WHAT YOU ARE ASKED TO DO: Write out the records that appear below, verbatim and complete, but without pictures.

GIVEN ENTRIES:
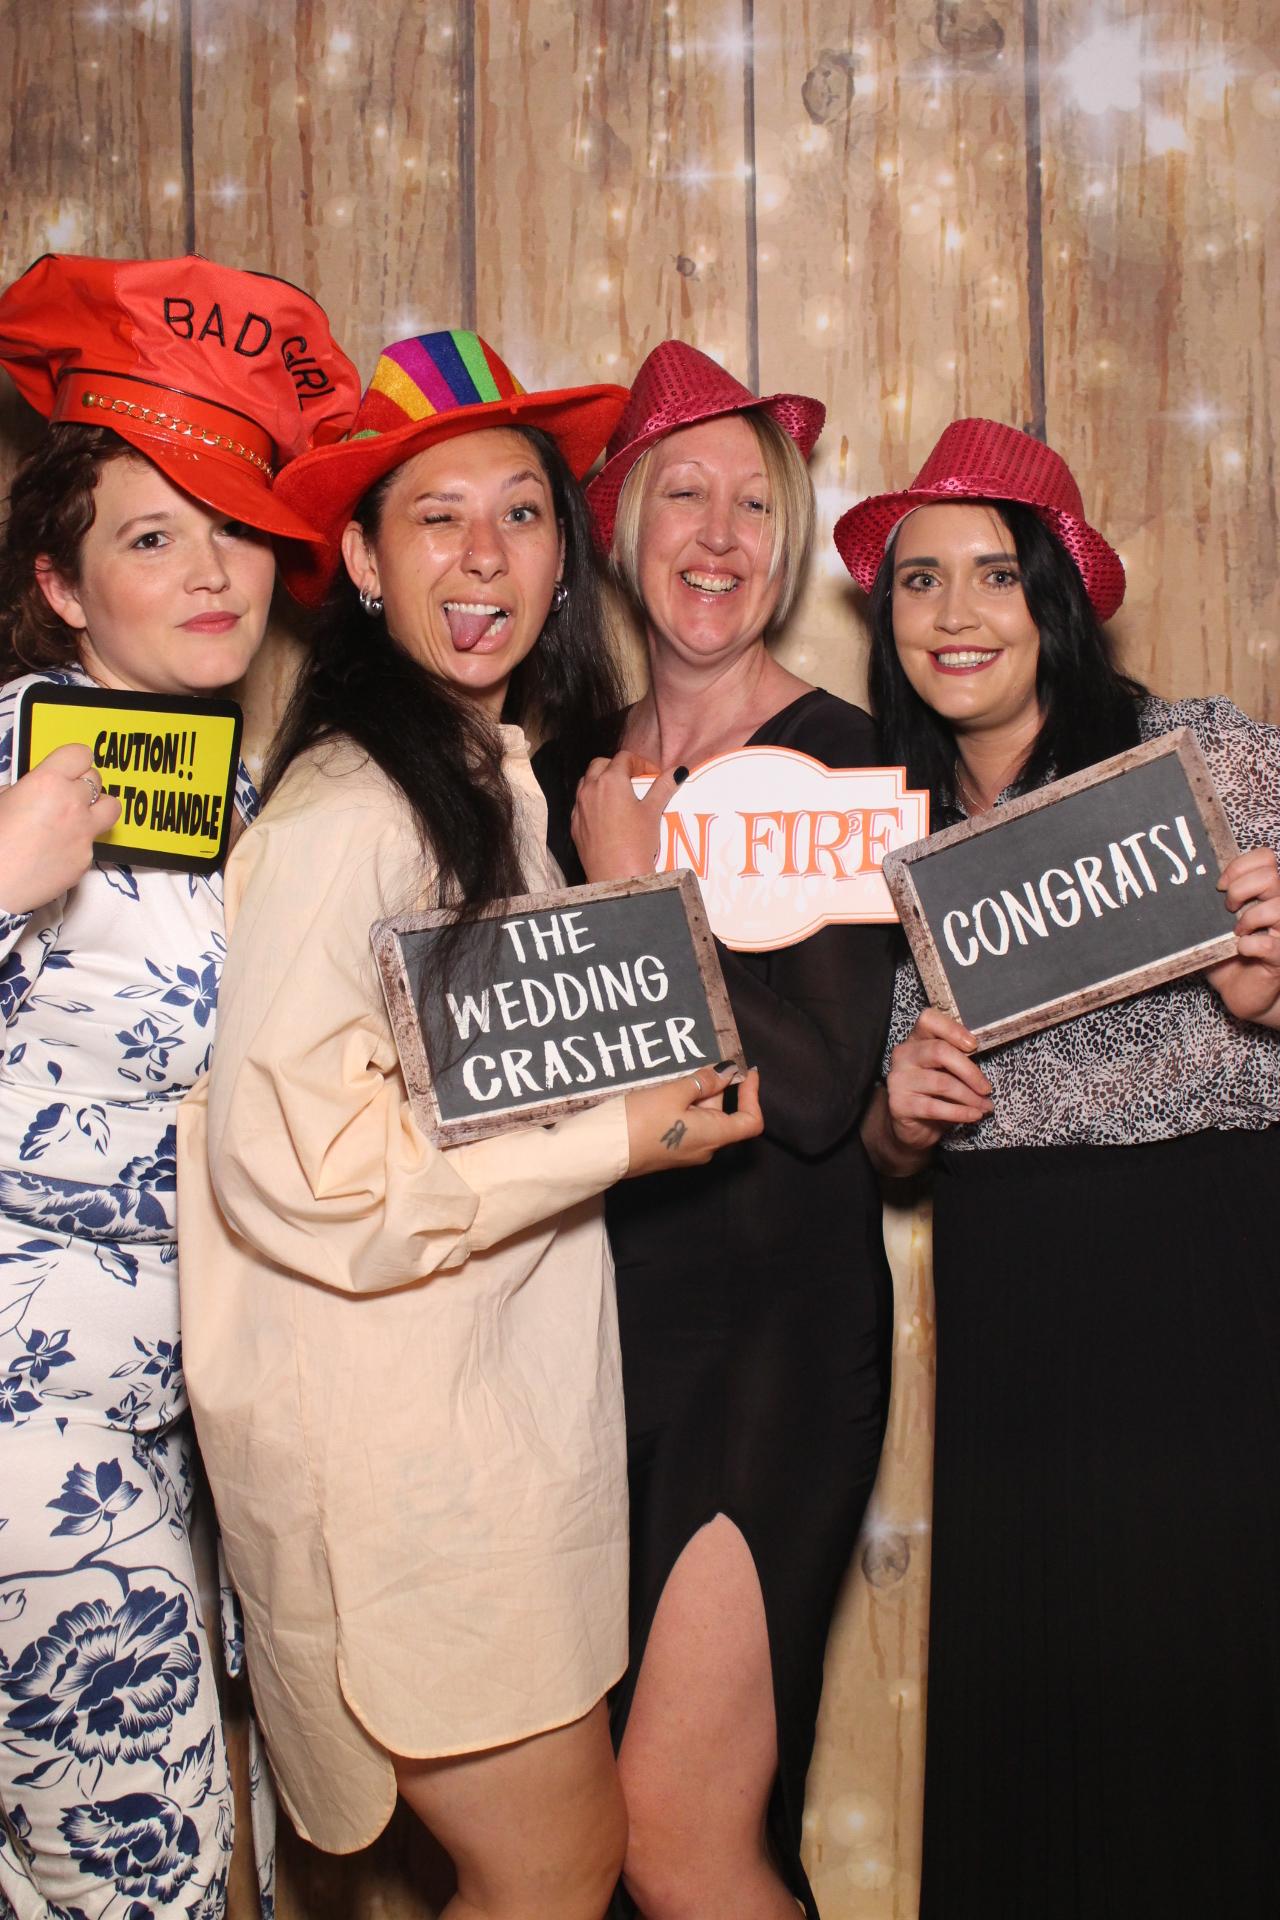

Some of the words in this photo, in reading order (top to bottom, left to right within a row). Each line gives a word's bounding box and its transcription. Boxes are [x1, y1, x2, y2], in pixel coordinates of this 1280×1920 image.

[164, 297, 272, 357] BAD
[281, 335, 335, 411] GIRL
[94, 730, 197, 781] CAUTION!!
[124, 786, 148, 827] TO
[150, 789, 222, 840] HANDLE
[654, 811, 718, 880] N
[735, 807, 903, 882] FIRE
[943, 815, 1206, 967] CONGRATS!
[501, 911, 596, 963] THE
[446, 955, 669, 1040] WEDDING
[462, 1017, 708, 1101] CRASHER

ANSWER BELOW:
Some of the words in this photo, in reading order (top to bottom, left to right within a row). Each line gives a word's bounding box and its transcription. Boxes are [x1, y1, x2, y2], in pixel coordinates of this 1280×1920 image.

[164, 297, 272, 357] BAD
[281, 335, 335, 411] GIRL
[94, 730, 197, 781] CAUTION!!
[124, 786, 148, 827] TO
[150, 789, 222, 840] HANDLE
[654, 811, 718, 880] N
[735, 807, 903, 882] FIRE
[943, 815, 1206, 967] CONGRATS!
[501, 911, 596, 963] THE
[446, 955, 669, 1040] WEDDING
[462, 1017, 708, 1101] CRASHER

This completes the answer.